Here’s a case where the cure exacerbated the symptoms. I’ve known for the last few weeks that sometime this week I would have to refill my script for a medication that allays the baseline symptoms of anxiety I always live with. There’s always a bit of anxiety that comes with refilling the prescription – will it be filled in time, before I run out of my current supply? Will be there enough pills to last until the next refill?
This time around, the added anxiety over the situation was having to go into the pharmacy. I switched over all my other prescriptions to mail-order a week or two ago, so I would not have to set foot in a store whose main purpose is to dole out medicine to sick people. On any good day, I don’t like being inside a pharmacy, any more than you would want to visit the tubercular ward. During these pandemic days, it’s like having to go into the belly of the beast. You just know that every surface has been touched by someone sick, and is therefore infected; you just know that there are droplets of the virus that causes COVID-19 floating around the air; and you just know that you are the only person in the store who isn’t harboring the novel coronavirus, until two seconds ago.
Of course, the one prescription of mine that is not available via mail-order is the one for my anti-anxiety medication. And as anyone who has ever been inside a CVS drugstore knows, they are designed so that the pharmacy counter is always in the rear of the store, so that you have to walk through the entire place (in order to get you to make impulse purchases) all the way to the back to get your prescription filled – and as a result, guaranteeing that you spend the maximum amount of time possible in the store.
Knowing all this ahead of time filled me with dread, especially as I have been taking the rules of social distancing and self-quarantining desperately seriously.

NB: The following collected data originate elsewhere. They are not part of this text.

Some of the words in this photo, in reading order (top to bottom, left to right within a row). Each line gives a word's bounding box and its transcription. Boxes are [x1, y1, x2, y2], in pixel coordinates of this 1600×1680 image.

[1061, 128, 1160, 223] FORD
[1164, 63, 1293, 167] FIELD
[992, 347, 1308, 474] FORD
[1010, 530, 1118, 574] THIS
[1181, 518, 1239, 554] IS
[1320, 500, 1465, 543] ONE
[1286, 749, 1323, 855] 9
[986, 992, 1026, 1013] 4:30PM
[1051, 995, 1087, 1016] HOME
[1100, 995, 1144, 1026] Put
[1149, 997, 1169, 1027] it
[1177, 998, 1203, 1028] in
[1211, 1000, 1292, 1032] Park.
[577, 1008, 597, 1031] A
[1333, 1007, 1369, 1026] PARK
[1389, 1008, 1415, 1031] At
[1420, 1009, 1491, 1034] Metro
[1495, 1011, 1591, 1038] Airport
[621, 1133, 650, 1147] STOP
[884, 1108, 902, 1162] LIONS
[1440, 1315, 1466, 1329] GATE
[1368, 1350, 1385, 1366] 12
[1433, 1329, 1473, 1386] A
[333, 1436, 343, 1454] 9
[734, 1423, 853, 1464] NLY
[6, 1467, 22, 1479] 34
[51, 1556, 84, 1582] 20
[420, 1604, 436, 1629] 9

I even sent out an email to my neighbors in my apartment building, warning them in advance that if I see them in the hallway I am going to run in the opposite direction, and please don’t take it personally. (They already think of me as the quirky, harmless old Jew who lives on the top floor, so they took the message in stride.)

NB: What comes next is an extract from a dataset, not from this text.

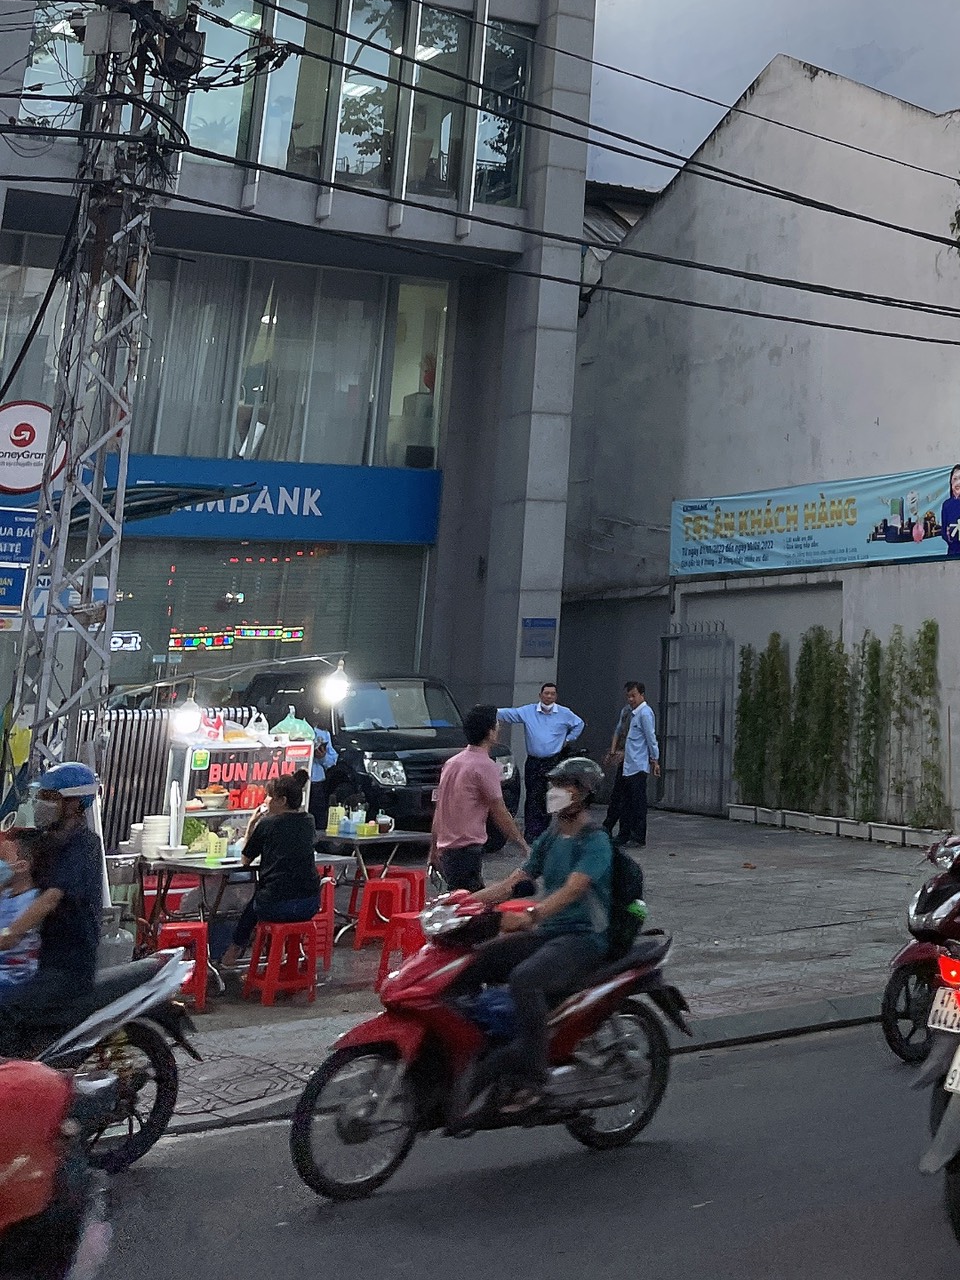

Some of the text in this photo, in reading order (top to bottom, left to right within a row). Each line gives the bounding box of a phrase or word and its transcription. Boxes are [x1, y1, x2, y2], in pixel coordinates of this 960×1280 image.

Nevertheless, there was no other option than for me to run the gauntlet of the pharmacy to get to the counter to get my script refilled so for the whopping price of $1.74 I could buy some calm and peace of mind to get me through the next 30 days, until I have to get up and do it again.
I’m happy to report that if I had to script my visit to the pharmacy myself, I couldn’t have written it better than how it played out. There were surprisingly few other people in the entire store (which I do realize you could read in several different ways, including several particular dark ones, but I’m just going to consider myself lucky in this case). When I got near the counter, there was no one ahead of me in line, and I only had to wait a minute for the customer at the counter to wrap up his transaction. The rest of the time I was in the store, no one came within six feet of me (although, as I’ve said, you could veritably taste the infected air droplets throughout the store, so this was only of minor comfort). The pharmacy clerk did a great job of getting me out of there in the quickest possible fashion, indulging my gloved hands the entire time. Within what seemed like just a few minutes, I was back in my car and on my way back home.
When I arrived home, I stripped off all my clothes as soon as I crossed the threshold, gathered them up in a pile and put them in my bathtub, poured lighter fluid on them, set them afire, and then jumped into the tub along with the clothes to burn away any lingering infection.
Then I took another anti-anxiety pill and within a few minutes, I felt much, much better.